--- WHAT TO DO ---
Please output every record below exactly as written, leaving out any pictures.

BEGIN

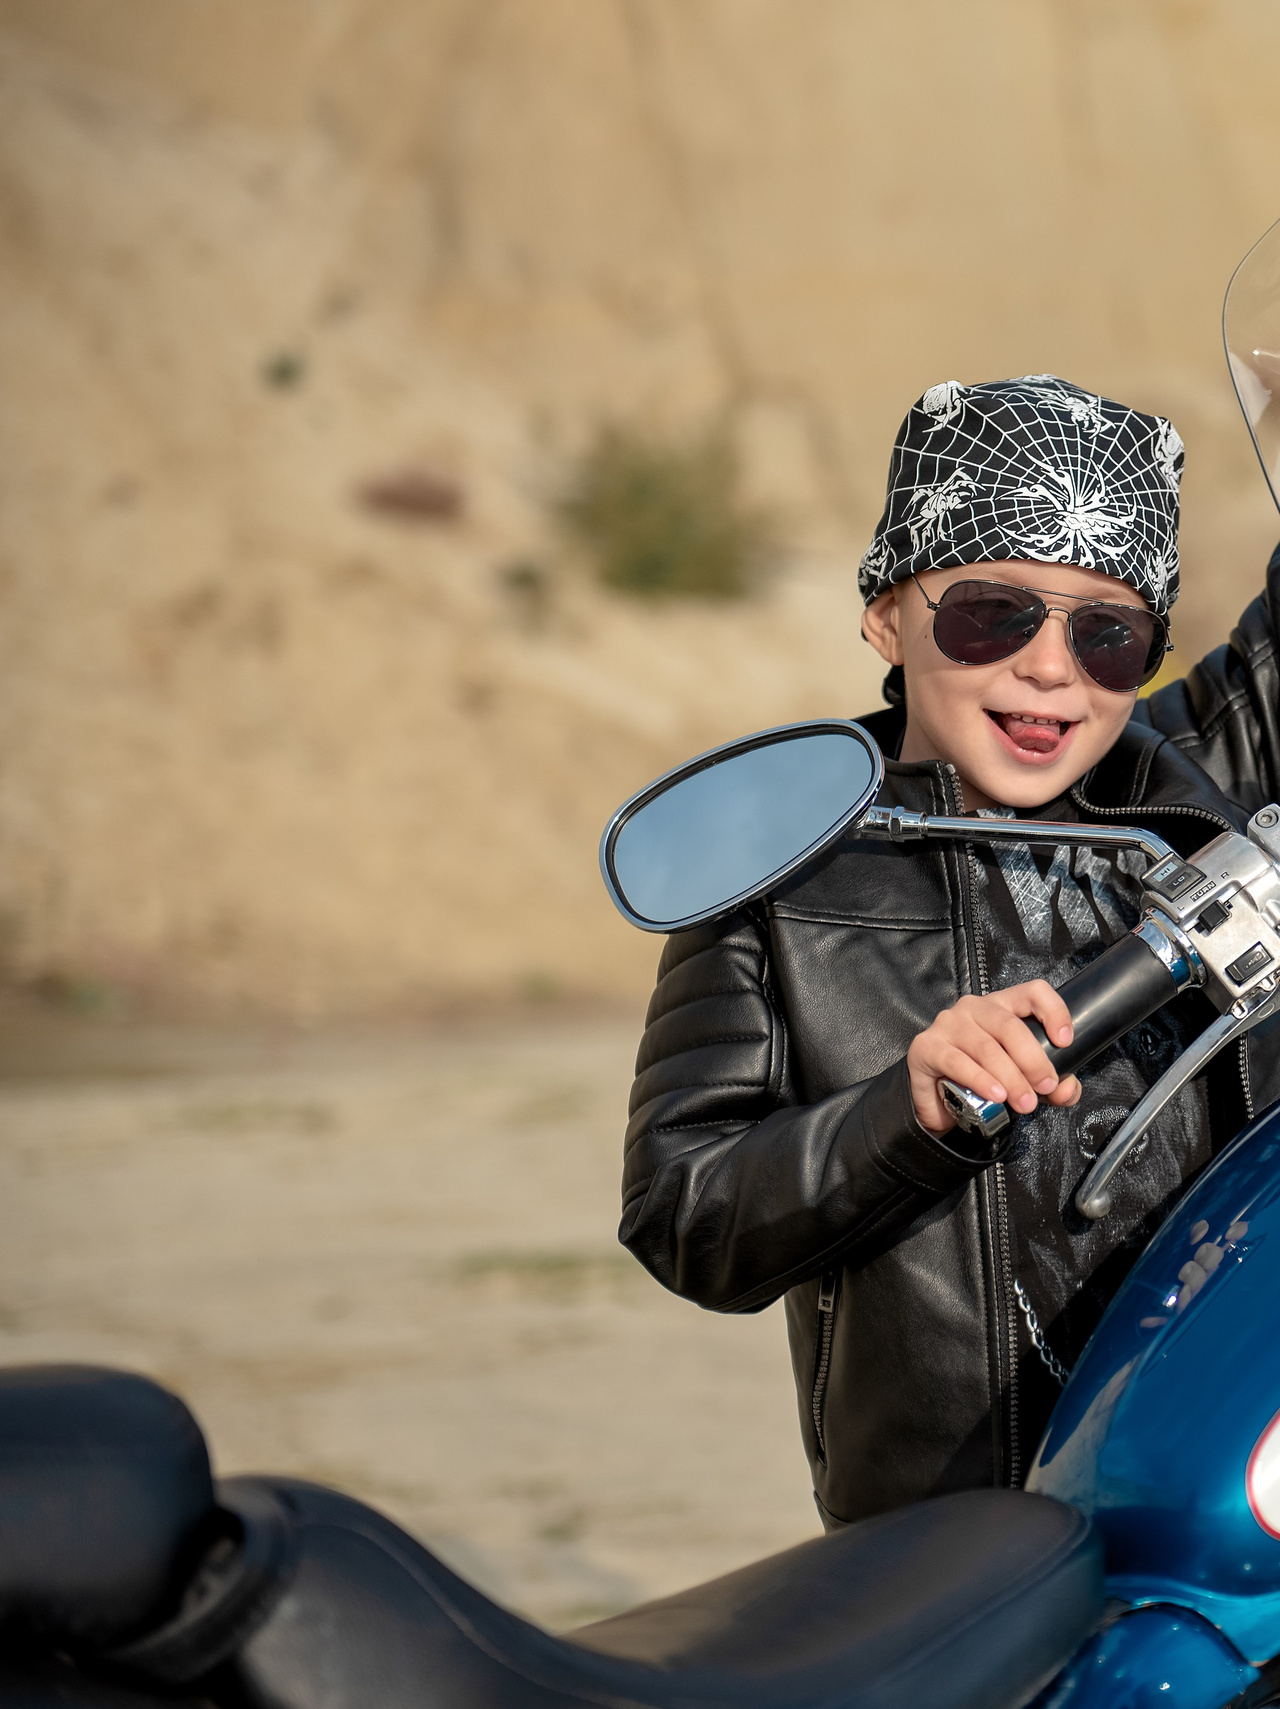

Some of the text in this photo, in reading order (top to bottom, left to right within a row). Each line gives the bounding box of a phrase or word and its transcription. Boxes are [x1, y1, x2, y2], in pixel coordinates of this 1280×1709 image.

[1160, 868, 1171, 877] HI
[1220, 871, 1230, 879] R
[1172, 875, 1185, 886] LO
[1191, 881, 1216, 901] TURN

END

--- FINISHED TASK ---
Some of the text in this photo, in reading order (top to bottom, left to right within a row). Each line gives the bounding box of a phrase or word and its transcription. Boxes are [x1, y1, x2, y2], in pixel coordinates of this 1280×1709 image.

[1160, 868, 1171, 877] HI
[1220, 871, 1230, 879] R
[1172, 875, 1185, 886] LO
[1191, 881, 1216, 901] TURN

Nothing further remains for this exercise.